TASK TO COMPLETE
Exclude the pictures and transcribe the rest of the data below exactly.

Annotated photo localization data

____________

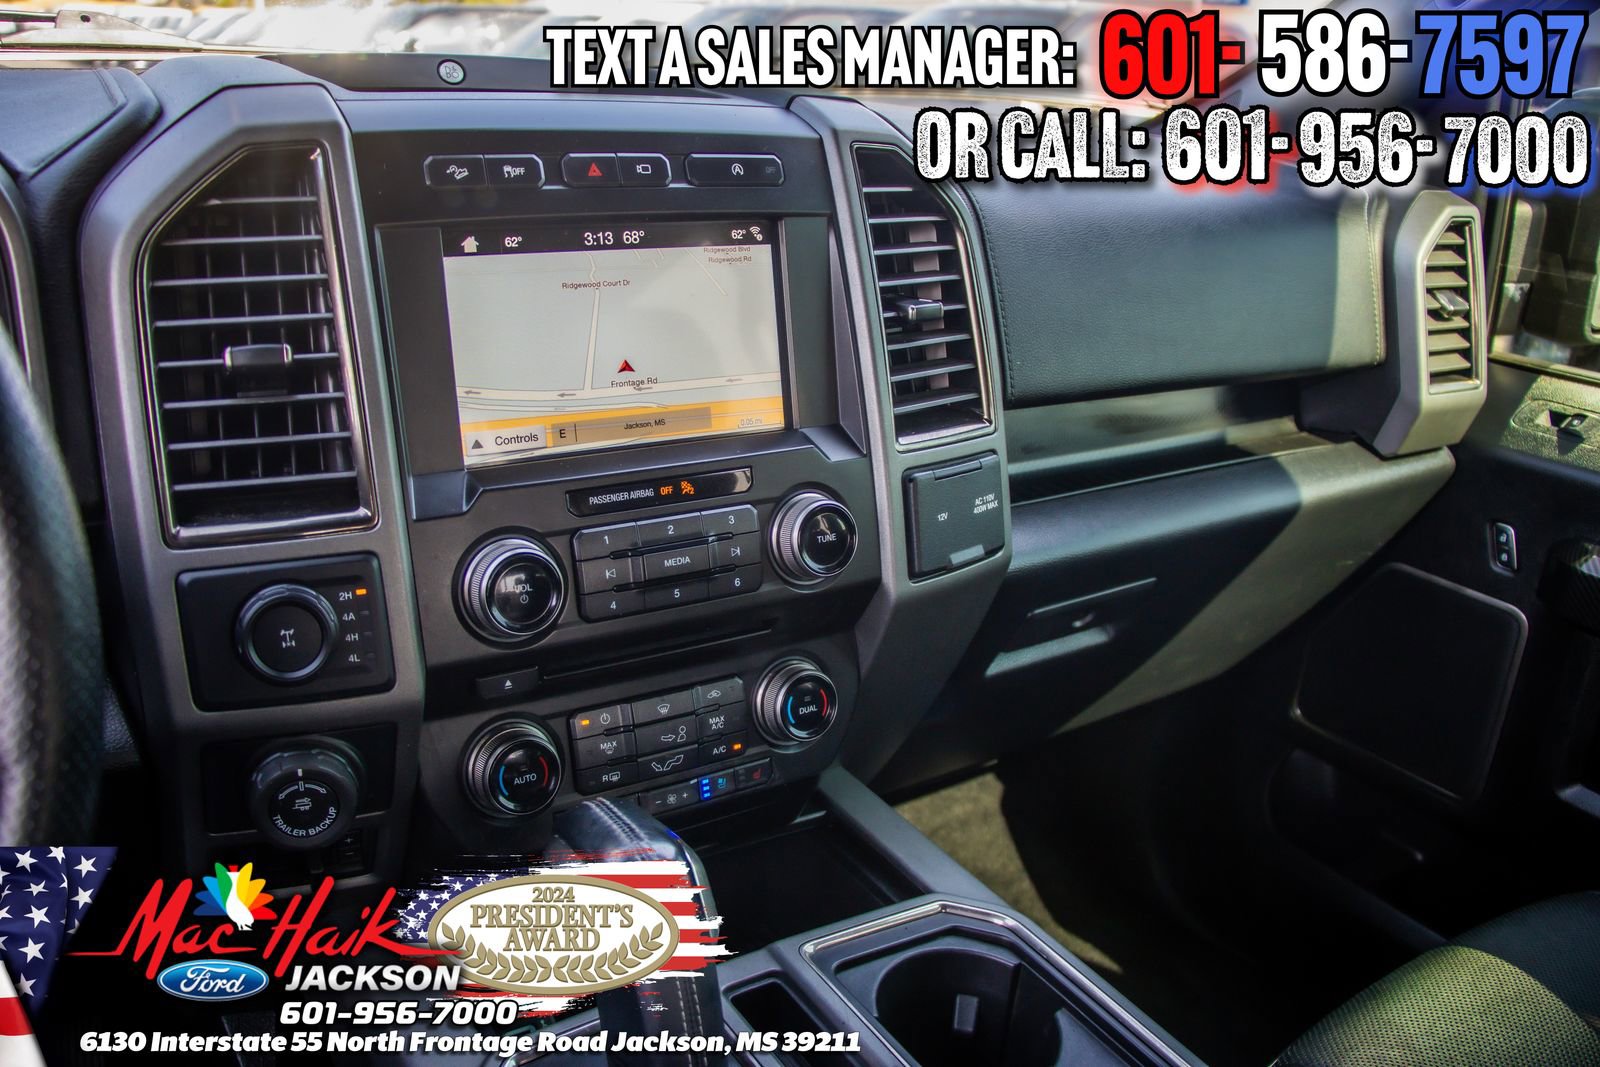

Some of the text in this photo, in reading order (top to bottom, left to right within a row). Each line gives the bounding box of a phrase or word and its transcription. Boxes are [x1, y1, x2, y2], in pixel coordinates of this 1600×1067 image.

[513, 167, 525, 176] OFF
[504, 236, 523, 248] 62°
[584, 230, 645, 245] 3:13 68°
[708, 256, 741, 264] Ridgewood
[562, 279, 631, 289] Ridgewood Court Dr
[610, 377, 658, 388] Frontage Rd
[623, 418, 666, 430] Jackson, MS
[559, 429, 567, 438] E
[494, 433, 539, 446] Controls
[660, 485, 674, 496] OFF
[589, 488, 655, 505] PASSENGER AIRBAG
[975, 493, 995, 506] AC 110V
[973, 500, 999, 514] 400W MAX
[728, 516, 736, 525] 3
[937, 512, 949, 521] 12V
[667, 525, 675, 535] 2
[603, 535, 610, 545] 1
[816, 533, 837, 543] TUNE
[664, 556, 691, 568] MEDIA
[734, 577, 741, 587] 6
[338, 591, 353, 601] 2H
[673, 589, 680, 598] 5
[610, 601, 617, 610] 4
[342, 612, 356, 622] 4A
[345, 632, 359, 642] 4H
[348, 653, 361, 663] 4L
[799, 704, 818, 715] DUAL
[709, 715, 725, 725] MAX
[711, 722, 725, 730] A/C
[600, 740, 618, 750] MAX
[713, 745, 727, 755] A/C
[514, 773, 537, 786] AUTO
[273, 806, 337, 836] TRAILER BACKUP

____________

EXERCISE ANSWER
Some of the text in this photo, in reading order (top to bottom, left to right within a row). Each line gives the bounding box of a phrase or word and its transcription. Boxes are [x1, y1, x2, y2], in pixel coordinates of this 1600×1067 image.

[513, 167, 525, 176] OFF
[504, 236, 523, 248] 62°
[584, 230, 645, 245] 3:13 68°
[708, 256, 741, 264] Ridgewood
[562, 279, 631, 289] Ridgewood Court Dr
[610, 377, 658, 388] Frontage Rd
[623, 418, 666, 430] Jackson, MS
[559, 429, 567, 438] E
[494, 433, 539, 446] Controls
[660, 485, 674, 496] OFF
[589, 488, 655, 505] PASSENGER AIRBAG
[975, 493, 995, 506] AC 110V
[973, 500, 999, 514] 400W MAX
[728, 516, 736, 525] 3
[937, 512, 949, 521] 12V
[667, 525, 675, 535] 2
[603, 535, 610, 545] 1
[816, 533, 837, 543] TUNE
[664, 556, 691, 568] MEDIA
[734, 577, 741, 587] 6
[338, 591, 353, 601] 2H
[673, 589, 680, 598] 5
[610, 601, 617, 610] 4
[342, 612, 356, 622] 4A
[345, 632, 359, 642] 4H
[348, 653, 361, 663] 4L
[799, 704, 818, 715] DUAL
[709, 715, 725, 725] MAX
[711, 722, 725, 730] A/C
[600, 740, 618, 750] MAX
[713, 745, 727, 755] A/C
[514, 773, 537, 786] AUTO
[273, 806, 337, 836] TRAILER BACKUP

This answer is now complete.